[Prompt]
For each entry, return the text exactly and omit any image.

[Dataset entries]
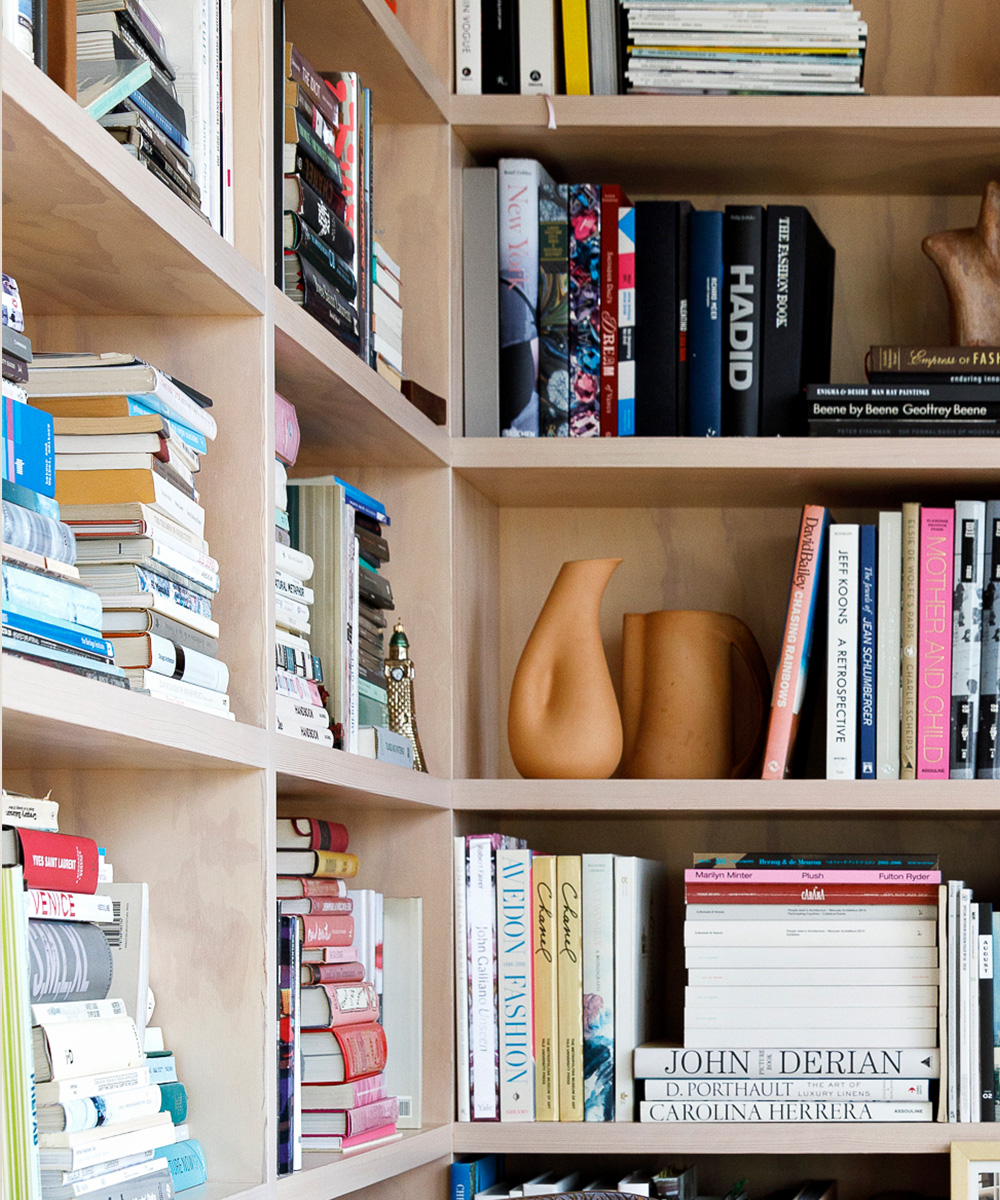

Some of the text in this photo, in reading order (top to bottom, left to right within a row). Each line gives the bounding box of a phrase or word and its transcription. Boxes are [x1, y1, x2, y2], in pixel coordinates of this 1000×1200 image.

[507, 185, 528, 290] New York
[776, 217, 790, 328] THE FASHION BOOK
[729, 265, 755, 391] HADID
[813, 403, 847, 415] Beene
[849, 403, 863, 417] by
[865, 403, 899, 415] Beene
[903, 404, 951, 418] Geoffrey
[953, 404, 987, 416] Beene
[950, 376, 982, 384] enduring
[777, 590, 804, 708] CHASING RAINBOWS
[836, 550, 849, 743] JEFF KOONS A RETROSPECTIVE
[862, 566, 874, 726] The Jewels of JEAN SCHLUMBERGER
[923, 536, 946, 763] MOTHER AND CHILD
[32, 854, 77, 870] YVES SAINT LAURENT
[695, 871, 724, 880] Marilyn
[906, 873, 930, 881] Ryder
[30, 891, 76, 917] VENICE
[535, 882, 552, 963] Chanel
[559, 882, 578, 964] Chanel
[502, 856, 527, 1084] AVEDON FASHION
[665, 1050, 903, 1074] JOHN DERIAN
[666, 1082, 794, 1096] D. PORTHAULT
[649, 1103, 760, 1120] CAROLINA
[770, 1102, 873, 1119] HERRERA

[Output for this task]
Some of the text in this photo, in reading order (top to bottom, left to right within a row). Each line gives the bounding box of a phrase or word and its transcription. Boxes are [x1, y1, x2, y2], in pixel coordinates of this 1000×1200 image.

[507, 185, 528, 290] New York
[776, 217, 790, 328] THE FASHION BOOK
[729, 265, 755, 391] HADID
[813, 403, 847, 415] Beene
[849, 403, 863, 417] by
[865, 403, 899, 415] Beene
[903, 404, 951, 418] Geoffrey
[953, 404, 987, 416] Beene
[950, 376, 982, 384] enduring
[777, 590, 804, 708] CHASING RAINBOWS
[836, 550, 849, 743] JEFF KOONS A RETROSPECTIVE
[862, 566, 874, 726] The Jewels of JEAN SCHLUMBERGER
[923, 536, 946, 763] MOTHER AND CHILD
[32, 854, 77, 870] YVES SAINT LAURENT
[695, 871, 724, 880] Marilyn
[906, 873, 930, 881] Ryder
[30, 891, 76, 917] VENICE
[535, 882, 552, 963] Chanel
[559, 882, 578, 964] Chanel
[502, 856, 527, 1084] AVEDON FASHION
[665, 1050, 903, 1074] JOHN DERIAN
[666, 1082, 794, 1096] D. PORTHAULT
[649, 1103, 760, 1120] CAROLINA
[770, 1102, 873, 1119] HERRERA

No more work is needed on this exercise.